21 respostas para “La Clemenza di Torquemada”

  1. Bruno,

    Parabéns pelo texto criativo… deve ter dado trabalho…
    Feliz Primeiro de Abril pra vc tb…

  2. fabulosa ‘avalanche’ histórica!
    o little Richard não errou no arranjo das palavras

    afinal,
    Monteverdi e Vivaldi revisados por Bach?
    é de eclipsar qualquer sol…

    belo post
    inclusive,
    creio que irá acariciar sobre maneira
    o orgulho filial de PQPBach ~ 8D

  3. Achei o blog que tanto procurava, já o adicionei entre os favoritos. Aprecio muito a história da Música, adoro pesquisar o processo de criação das composições, a biografia dos compositores, etc, etc. Embora seja um diletante em matéria de música, vivo e respiro música, e aprecio desde a música do período medieval, renascentista, barroco, clássico, romântico, e por aí vai.
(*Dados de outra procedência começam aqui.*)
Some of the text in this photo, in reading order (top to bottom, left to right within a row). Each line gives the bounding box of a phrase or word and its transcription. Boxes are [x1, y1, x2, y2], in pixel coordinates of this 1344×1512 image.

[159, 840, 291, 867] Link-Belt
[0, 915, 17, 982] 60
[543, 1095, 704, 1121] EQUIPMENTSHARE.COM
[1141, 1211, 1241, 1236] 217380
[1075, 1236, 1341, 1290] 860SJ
Achei vocês através do PQP Bach, outro blog essencial.
    Obrigado, estarei sempre por aqui, abraço!

  4. Excelente texto, um aula de História da Mùsica. Parabéns, e vamos esperar agora pela obra, que o PQPBach prometeu postar amanhã.
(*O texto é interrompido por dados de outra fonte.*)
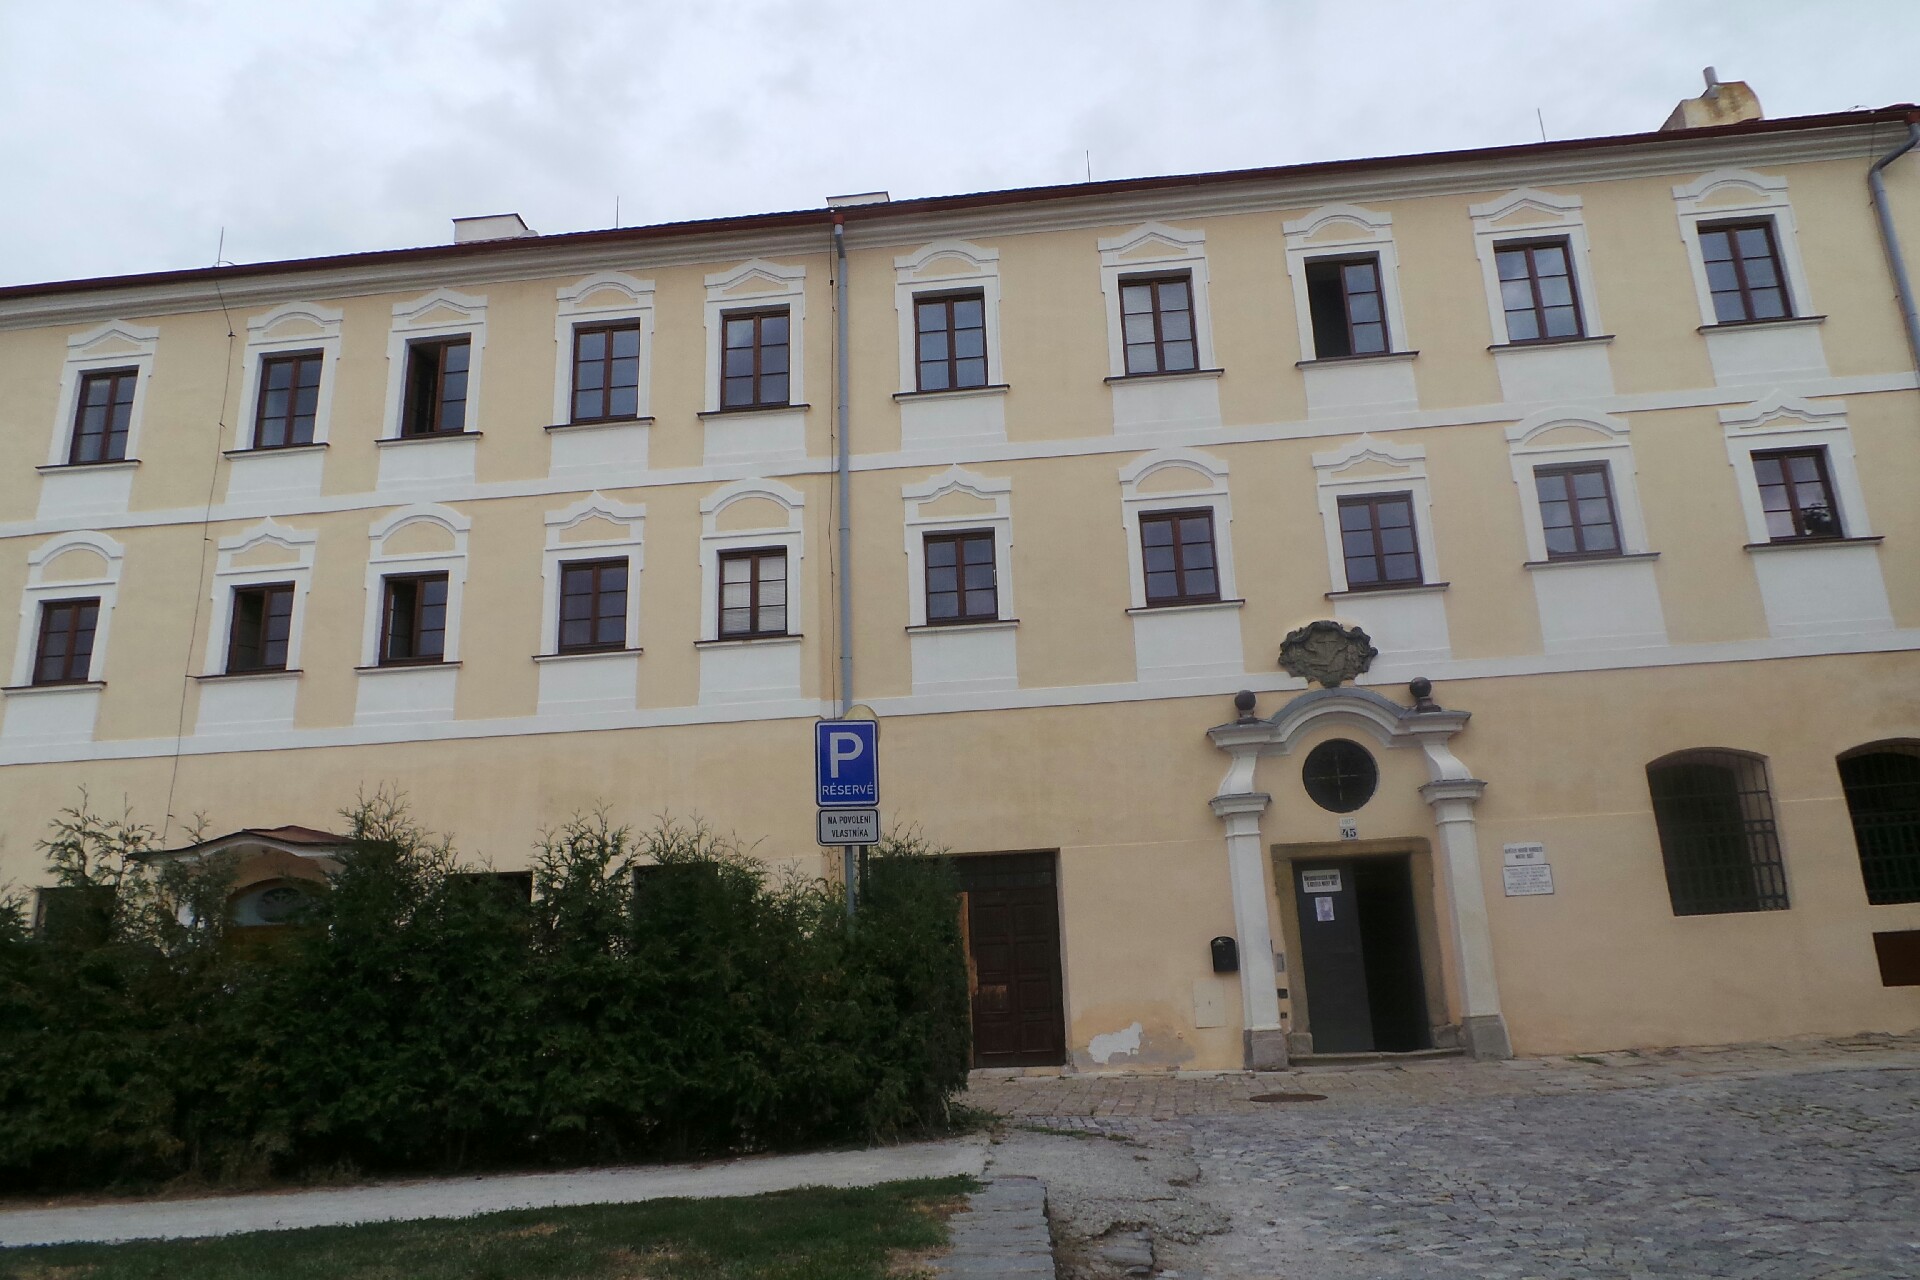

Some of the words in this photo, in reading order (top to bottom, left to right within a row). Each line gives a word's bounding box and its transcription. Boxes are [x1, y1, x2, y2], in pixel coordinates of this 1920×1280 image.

[829, 732, 864, 779] P
[822, 782, 874, 796] RÉSERVÉ
[827, 816, 837, 825] NA
[839, 815, 871, 824] POVOLENÍ
[831, 827, 868, 838] VLASTNÍKA
[1341, 828, 1357, 838] 45
  5. esse post e essa história parecem bons demais pra ser verdade. parece até aquelas coisas tipo código da vinci, cheia de mistério e emoçao. voces tem certeza que nao é pegadinha de primeiro de abril?
    brincadeira. sinceramente, parabens pelo blog, pela atençao e pela qualidade com que voces tratam a musica erudita.

  6. Foi uma estória tão bem engendrada que algumas pessoas já estão aguardando ansiosamente o upload da obra.

  7. ‘esse post e essa história parecem bons demais pra ser verdade.
    parece até aquelas coisas tipo código da vinci, cheia de mistério e emoçao. ‘

    nem precisa entrar no mundo da ficção de brown,
    me lembrou muito a ‘estória’ do achado do evangelho segundo judas! haha
    essa sim é – literalmente – cavernosa e, aliás, difícil de engolir…

  8. O meu trecho preferido desta ópera é aquela ária que abre o segundo ato: Il Fauno brucia: in fiamme! in fiamme!

    É tão mágico que a flauta parece encantada.

  9. Meu “Oh!” faz referência ao comentário do Louis, o qual faria a alegria de Jair Bolsonaro (PP-RJ).

  10. CLEMÊNCIA de Torquemada? Aquele fdp da Inquisição? Se ele tiver clêmencia no inferno, pode ser o de Dante mesmo, acredito nesta estorinha! Nóis é minero, mas num é bobo não! Viva o 1º de Abril!

  11. Ouço, neste instante, a primorosa gravação de Gardiner, com um Vickers em fim de carreira, porém brilhante, no papel título. O marco maior desse registro, porém, é o notável Rene Jacobs em sua incomparável perfomance da grande ária “Non voglio essere tostato!”

  12. Por favor, analisem também as óperas “Brazilian Political Honesty (1499)” de Francesco Landini, “L’innocente Hitler (1937)” de Julius Simon, e “Tous sont honnêtes (8.000 a.c)” de Tartelieri. Tenho essas gravações mas não sei o enredo.

  13. Se não me falha a memória, Sr. IvanRicardo, o enredo da ópera “Brasilian Political Honesty” esta guardada na sede do PT, sob os cuidados do J. Dirceu. Dizem que, inspirados nele, fundaram o glorioso partido! Já “L’innocent Hitler” foi uma tentativa do francês Julius de angariar simpatias para a Alemanha! Não colou na Inglaterra por conta da forte crítica do Churchill. Finalmente a peça de Tartelieri é uma tradução mal e porca do diário de Noé, justificando sua escolha como o capitão da Arca! O enredo original era de 80 rolos – 40 para os dias e 40 para as noites. Extremamente repetitivo e maçante!

  14. J. L. Borges apreciaria quão ilustre imitador ele tem na pessoa do Sr Bruno gripp.
    Ademais, Bravo!
    E confesso que como na leitura dos contos borgianos pus-me atrás dos fatos pra verificá-los, e senti aquela emoção ao me ver enganado.

  15. também senti isso… \o/

    ainda mais eu, que ‘pus-me atrás dos fatos’ [inexistentes]
    apenas depois de comentá-los tão acriticamente, haha.